A quick example – if you are teaching, students who did well on last year’s standardized tests will tend to do well on this year’s standardized tests, and there is only so much that will change that.

Example

You are interesting in investigating the relative effectiveness of two different types of strength training (method A and method B)

Your response variable is the amount of weight that can be lifted at the end of the training.

You also know the amount each subject can currently lift.

Example continued

Presumably people who are stronger now will be stronger later. The issue is by how much.

One option is to fit an ANCOVA using the current weight as a continuous covariate. If you are concerned about linearity, then a randomized block design is sensible as well.

Conducting the experiment

To block on the current weight, take all the subjects and rank them by the current weight they can lift.

Divide the sorted list into block on 2 people each (2 = number of methods of strength training)

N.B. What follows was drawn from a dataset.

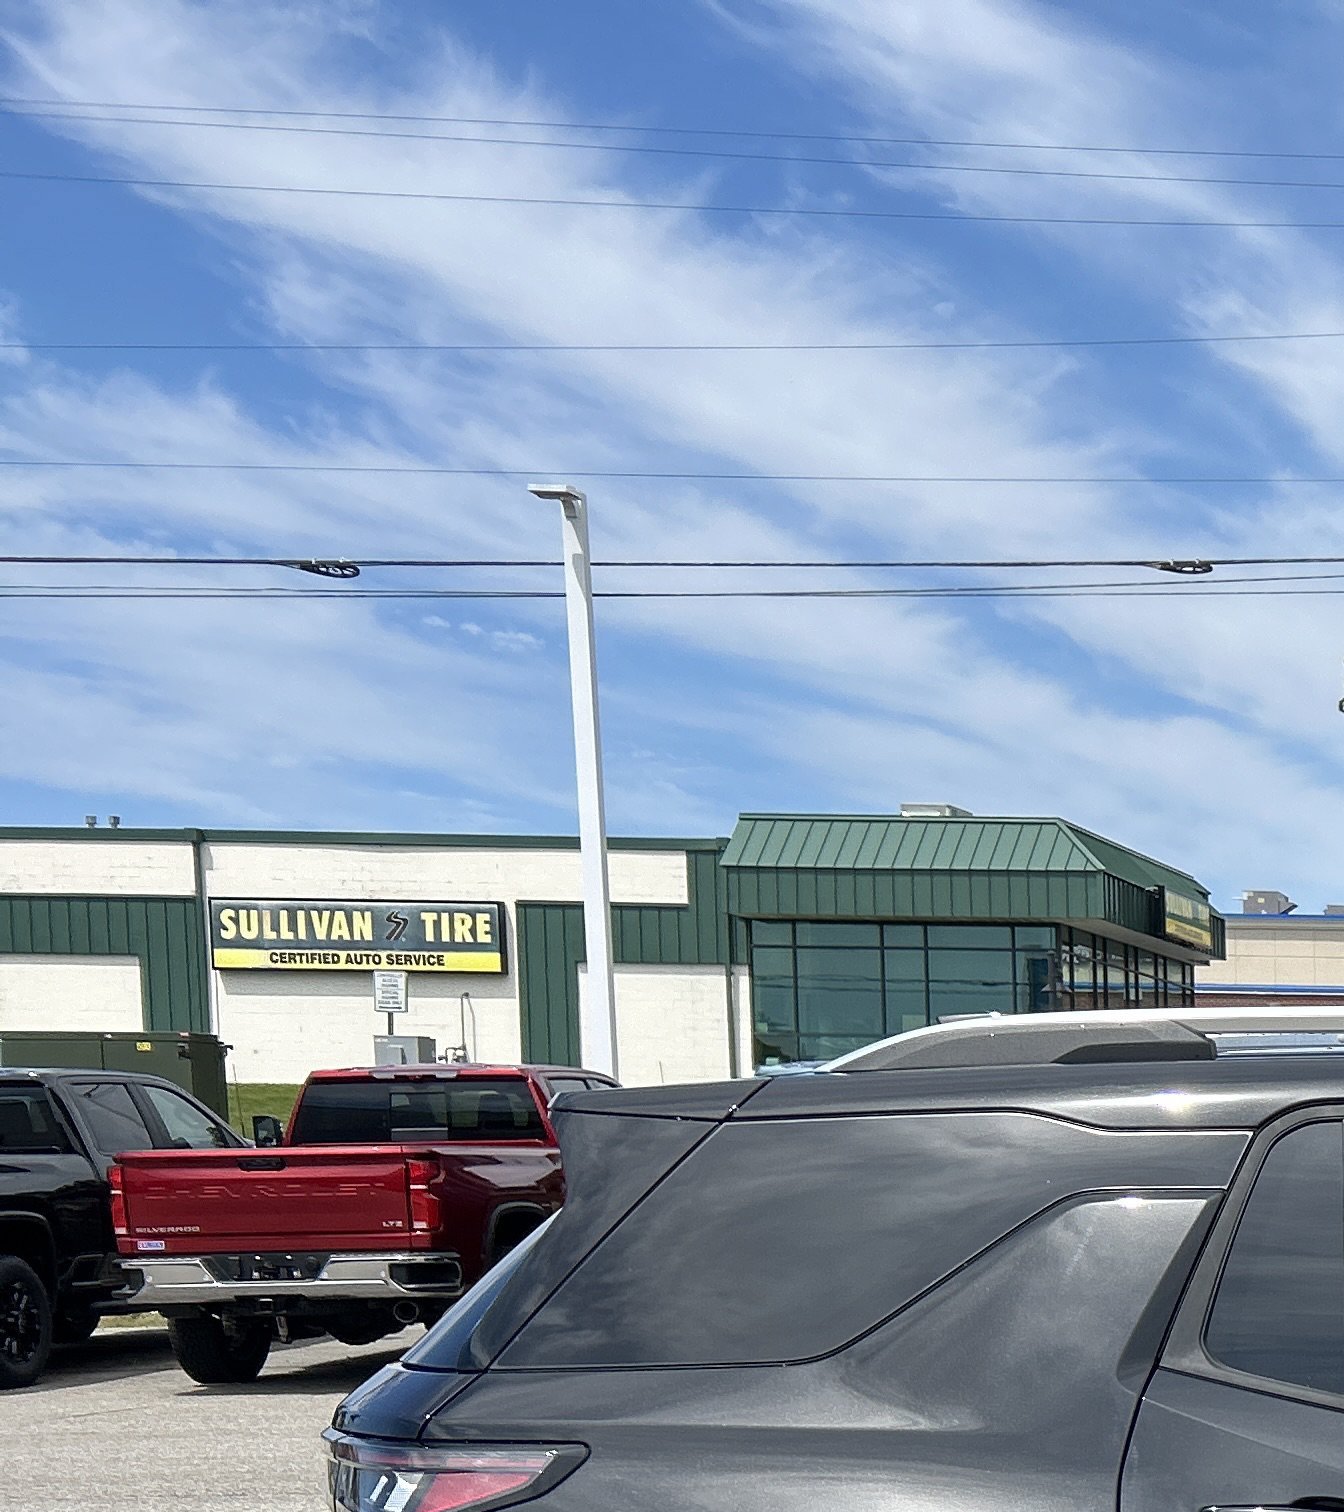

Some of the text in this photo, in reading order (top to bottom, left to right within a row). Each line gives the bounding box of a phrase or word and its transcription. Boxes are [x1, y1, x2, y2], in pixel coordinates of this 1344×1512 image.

Within each block, assign one person to method A and one person to method B, at random.

This makes it FAR less likely method A or method B will have too much of an abundance of “strong people” in their groups than just random assignment of all subjects to groups A and B.

Moral of the randomization

Block for what you know makes a difference. The randomization will likely equalize the

groups on what you DON’T know makes a difference.

It’s possible there aren’t any other factors, and the randomization doesn’t matter, but it’s easy and it potentially helps. Finding out about another variable later is a bad scene.

Repeated measures

Animals vary amongst themselves, either through genetic or environmental factors.

Where possible, we would like to control this variation. We do this by applying each treatment to each animal. This is “blocking on animal”.

Blocking on animal is often not possible, for example the animal may be changed by the treatment.

When you block on animal randomize the order of the treatment so no treatment gets consistently placed first or last in the treatment order.

Control groups

Whenever making comparisons between treatments, you must have a group of animals for each potential treatment, including the “current”, or “default” treatment.

Without such a group, any difference you observe could be due to the fact the animals were involved in an experiment.